> Task requirements
Print the data that follows exactly, leaving nothing out.

-----

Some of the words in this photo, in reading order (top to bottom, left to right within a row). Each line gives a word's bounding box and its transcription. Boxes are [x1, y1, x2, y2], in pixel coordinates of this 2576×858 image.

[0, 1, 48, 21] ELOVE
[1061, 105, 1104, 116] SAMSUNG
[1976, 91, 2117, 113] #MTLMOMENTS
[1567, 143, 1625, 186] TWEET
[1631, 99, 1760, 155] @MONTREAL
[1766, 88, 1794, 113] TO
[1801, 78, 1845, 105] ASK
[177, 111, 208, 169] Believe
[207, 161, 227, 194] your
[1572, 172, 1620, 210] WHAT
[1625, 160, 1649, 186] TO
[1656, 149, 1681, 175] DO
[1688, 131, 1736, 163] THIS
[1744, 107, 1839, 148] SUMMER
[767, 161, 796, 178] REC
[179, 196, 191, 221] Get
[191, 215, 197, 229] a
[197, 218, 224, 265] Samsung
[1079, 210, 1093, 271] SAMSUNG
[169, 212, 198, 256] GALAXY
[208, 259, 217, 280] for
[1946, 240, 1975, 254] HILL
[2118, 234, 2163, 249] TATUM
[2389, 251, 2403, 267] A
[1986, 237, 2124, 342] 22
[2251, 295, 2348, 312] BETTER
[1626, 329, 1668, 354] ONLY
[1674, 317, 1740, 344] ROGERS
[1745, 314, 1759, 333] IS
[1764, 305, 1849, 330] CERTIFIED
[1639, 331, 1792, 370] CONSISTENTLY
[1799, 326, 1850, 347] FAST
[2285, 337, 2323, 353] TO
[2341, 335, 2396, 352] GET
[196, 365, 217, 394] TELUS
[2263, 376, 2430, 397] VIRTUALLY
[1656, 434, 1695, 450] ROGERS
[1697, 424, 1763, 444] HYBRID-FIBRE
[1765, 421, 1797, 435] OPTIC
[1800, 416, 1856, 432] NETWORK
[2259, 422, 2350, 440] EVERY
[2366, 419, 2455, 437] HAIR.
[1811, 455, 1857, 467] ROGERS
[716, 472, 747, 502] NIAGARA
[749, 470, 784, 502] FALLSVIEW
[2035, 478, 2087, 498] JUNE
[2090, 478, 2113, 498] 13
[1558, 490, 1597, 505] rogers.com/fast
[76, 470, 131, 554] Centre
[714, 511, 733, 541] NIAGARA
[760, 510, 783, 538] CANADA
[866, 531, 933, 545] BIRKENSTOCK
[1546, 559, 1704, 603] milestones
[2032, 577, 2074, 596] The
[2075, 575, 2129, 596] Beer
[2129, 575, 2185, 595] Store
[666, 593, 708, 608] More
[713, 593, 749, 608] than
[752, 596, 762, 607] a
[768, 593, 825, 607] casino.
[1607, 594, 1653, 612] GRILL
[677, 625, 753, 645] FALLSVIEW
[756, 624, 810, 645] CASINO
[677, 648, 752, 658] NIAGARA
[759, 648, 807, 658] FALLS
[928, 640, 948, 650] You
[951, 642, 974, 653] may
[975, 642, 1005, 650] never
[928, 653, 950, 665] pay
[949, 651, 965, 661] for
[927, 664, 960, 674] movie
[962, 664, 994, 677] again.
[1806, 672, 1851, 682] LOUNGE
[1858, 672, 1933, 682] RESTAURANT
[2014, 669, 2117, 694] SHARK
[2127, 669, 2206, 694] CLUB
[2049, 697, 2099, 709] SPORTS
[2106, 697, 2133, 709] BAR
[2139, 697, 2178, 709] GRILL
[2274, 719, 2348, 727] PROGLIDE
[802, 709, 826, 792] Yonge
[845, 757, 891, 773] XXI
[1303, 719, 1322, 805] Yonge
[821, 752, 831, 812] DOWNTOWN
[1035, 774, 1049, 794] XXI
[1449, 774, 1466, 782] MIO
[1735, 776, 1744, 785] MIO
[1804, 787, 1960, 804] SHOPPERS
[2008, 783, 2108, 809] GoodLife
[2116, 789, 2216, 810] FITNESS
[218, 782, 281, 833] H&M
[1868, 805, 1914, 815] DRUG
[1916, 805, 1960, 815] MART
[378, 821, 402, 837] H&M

-----

> Written solution
Some of the words in this photo, in reading order (top to bottom, left to right within a row). Each line gives a word's bounding box and its transcription. Boxes are [x1, y1, x2, y2], in pixel coordinates of this 2576×858 image.

[0, 1, 48, 21] ELOVE
[1061, 105, 1104, 116] SAMSUNG
[1976, 91, 2117, 113] #MTLMOMENTS
[1567, 143, 1625, 186] TWEET
[1631, 99, 1760, 155] @MONTREAL
[1766, 88, 1794, 113] TO
[1801, 78, 1845, 105] ASK
[177, 111, 208, 169] Believe
[207, 161, 227, 194] your
[1572, 172, 1620, 210] WHAT
[1625, 160, 1649, 186] TO
[1656, 149, 1681, 175] DO
[1688, 131, 1736, 163] THIS
[1744, 107, 1839, 148] SUMMER
[767, 161, 796, 178] REC
[179, 196, 191, 221] Get
[191, 215, 197, 229] a
[197, 218, 224, 265] Samsung
[1079, 210, 1093, 271] SAMSUNG
[169, 212, 198, 256] GALAXY
[208, 259, 217, 280] for
[1946, 240, 1975, 254] HILL
[2118, 234, 2163, 249] TATUM
[2389, 251, 2403, 267] A
[1986, 237, 2124, 342] 22
[2251, 295, 2348, 312] BETTER
[1626, 329, 1668, 354] ONLY
[1674, 317, 1740, 344] ROGERS
[1745, 314, 1759, 333] IS
[1764, 305, 1849, 330] CERTIFIED
[1639, 331, 1792, 370] CONSISTENTLY
[1799, 326, 1850, 347] FAST
[2285, 337, 2323, 353] TO
[2341, 335, 2396, 352] GET
[196, 365, 217, 394] TELUS
[2263, 376, 2430, 397] VIRTUALLY
[1656, 434, 1695, 450] ROGERS
[1697, 424, 1763, 444] HYBRID-FIBRE
[1765, 421, 1797, 435] OPTIC
[1800, 416, 1856, 432] NETWORK
[2259, 422, 2350, 440] EVERY
[2366, 419, 2455, 437] HAIR.
[1811, 455, 1857, 467] ROGERS
[716, 472, 747, 502] NIAGARA
[749, 470, 784, 502] FALLSVIEW
[2035, 478, 2087, 498] JUNE
[2090, 478, 2113, 498] 13
[1558, 490, 1597, 505] rogers.com/fast
[76, 470, 131, 554] Centre
[714, 511, 733, 541] NIAGARA
[760, 510, 783, 538] CANADA
[866, 531, 933, 545] BIRKENSTOCK
[1546, 559, 1704, 603] milestones
[2032, 577, 2074, 596] The
[2075, 575, 2129, 596] Beer
[2129, 575, 2185, 595] Store
[666, 593, 708, 608] More
[713, 593, 749, 608] than
[752, 596, 762, 607] a
[768, 593, 825, 607] casino.
[1607, 594, 1653, 612] GRILL
[677, 625, 753, 645] FALLSVIEW
[756, 624, 810, 645] CASINO
[677, 648, 752, 658] NIAGARA
[759, 648, 807, 658] FALLS
[928, 640, 948, 650] You
[951, 642, 974, 653] may
[975, 642, 1005, 650] never
[928, 653, 950, 665] pay
[949, 651, 965, 661] for
[927, 664, 960, 674] movie
[962, 664, 994, 677] again.
[1806, 672, 1851, 682] LOUNGE
[1858, 672, 1933, 682] RESTAURANT
[2014, 669, 2117, 694] SHARK
[2127, 669, 2206, 694] CLUB
[2049, 697, 2099, 709] SPORTS
[2106, 697, 2133, 709] BAR
[2139, 697, 2178, 709] GRILL
[2274, 719, 2348, 727] PROGLIDE
[802, 709, 826, 792] Yonge
[845, 757, 891, 773] XXI
[1303, 719, 1322, 805] Yonge
[821, 752, 831, 812] DOWNTOWN
[1035, 774, 1049, 794] XXI
[1449, 774, 1466, 782] MIO
[1735, 776, 1744, 785] MIO
[1804, 787, 1960, 804] SHOPPERS
[2008, 783, 2108, 809] GoodLife
[2116, 789, 2216, 810] FITNESS
[218, 782, 281, 833] H&M
[1868, 805, 1914, 815] DRUG
[1916, 805, 1960, 815] MART
[378, 821, 402, 837] H&M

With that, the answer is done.